Andhra HC (Pre-Telangana)
Commissioner Of Income Tax vs Venkateswara Hatchery (P) Ltd. on 3 November, 1995
Equivalent citations: (1998)144CTR(AP)251, [1997]227ITR116(AP), [1996]86TAXMAN235(AP)
Author: P. Venkatarama Reddi
Bench: P. Venkatarama Reddi
JUDGMENT P. Venkatarama Reddi, J.
1. On a reference application made under s. 256(1) of the IT Act by the CIT, Karnataka (Central), Bangalore, the Tribunal referred the following four questions of law arising out of the Order of the Tribunal, dt 10th June, 1986 in ITA No. 372/Hyd/84 for the opinion of this Court :
"1. Whether, on the facts and in the circumstances of the case, the Tribunal is right in law in upholding the order of the CIT(A) who held that the expenditure incurred on asphalting of roads constitute revenue expenditure ?
2. Whether, on the facts and in the circumstances of the case, the Tribunal is right in law in holding that the payment of $ 13,500 regarding process know-how as revenue expenditure ?
3. Whether, on the facts and in the circumstances of the case, the Tribunal is right in law in upholding the order of the CIT(A) who allowed the investment allowance on the plant and machinery installed in the hatchery division of the assessee-company ? and
4. Whether, on the facts and in the circumstances of the case, the Tribunal is right in law in holding that the assessee is an industrial company even though the activities of the company does not amount to manufacture ?"

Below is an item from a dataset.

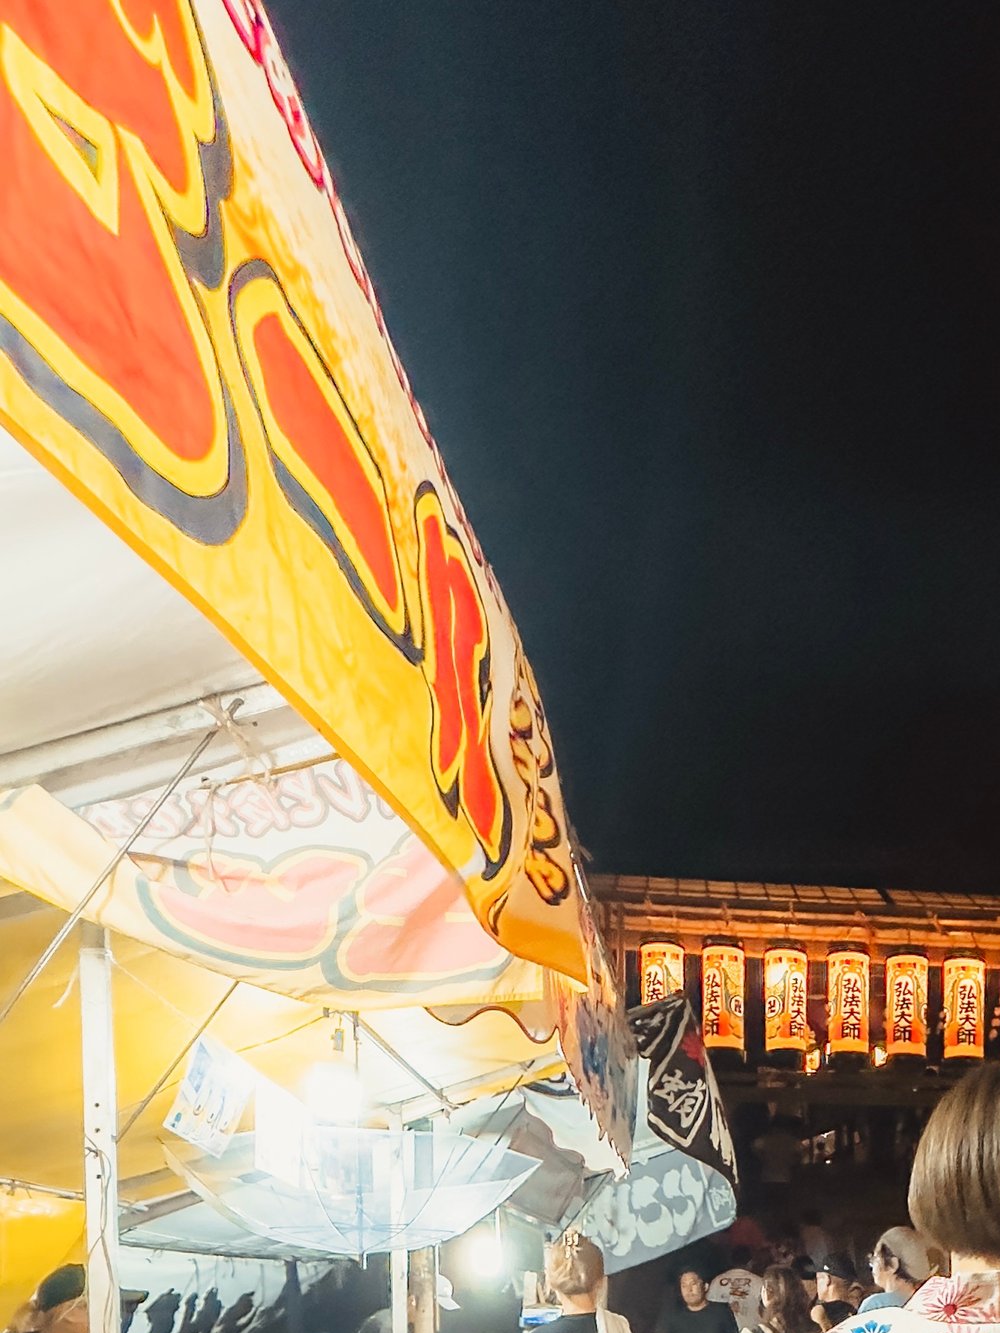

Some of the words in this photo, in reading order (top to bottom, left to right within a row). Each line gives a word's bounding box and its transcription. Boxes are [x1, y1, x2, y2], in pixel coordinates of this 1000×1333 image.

2. The respondent-assessee runs the business of hatchery and manufacture of poultry-related commodities including vaccine. It has a hatchery at Saroornagar at Hyderabad and another hatchery at Pune. Inter alia, it imports one day old chicks from foreign countries and rears them up in its hatcheries treating them as grand-parent birds. Eggs of such grant-parent birds are also reared in hatcheries as parent birds and those parent birds are reared to produce commercial chicks. These facts, we get from the assessment order. The dispute in the present case relates to the asst. yr. 1980-81.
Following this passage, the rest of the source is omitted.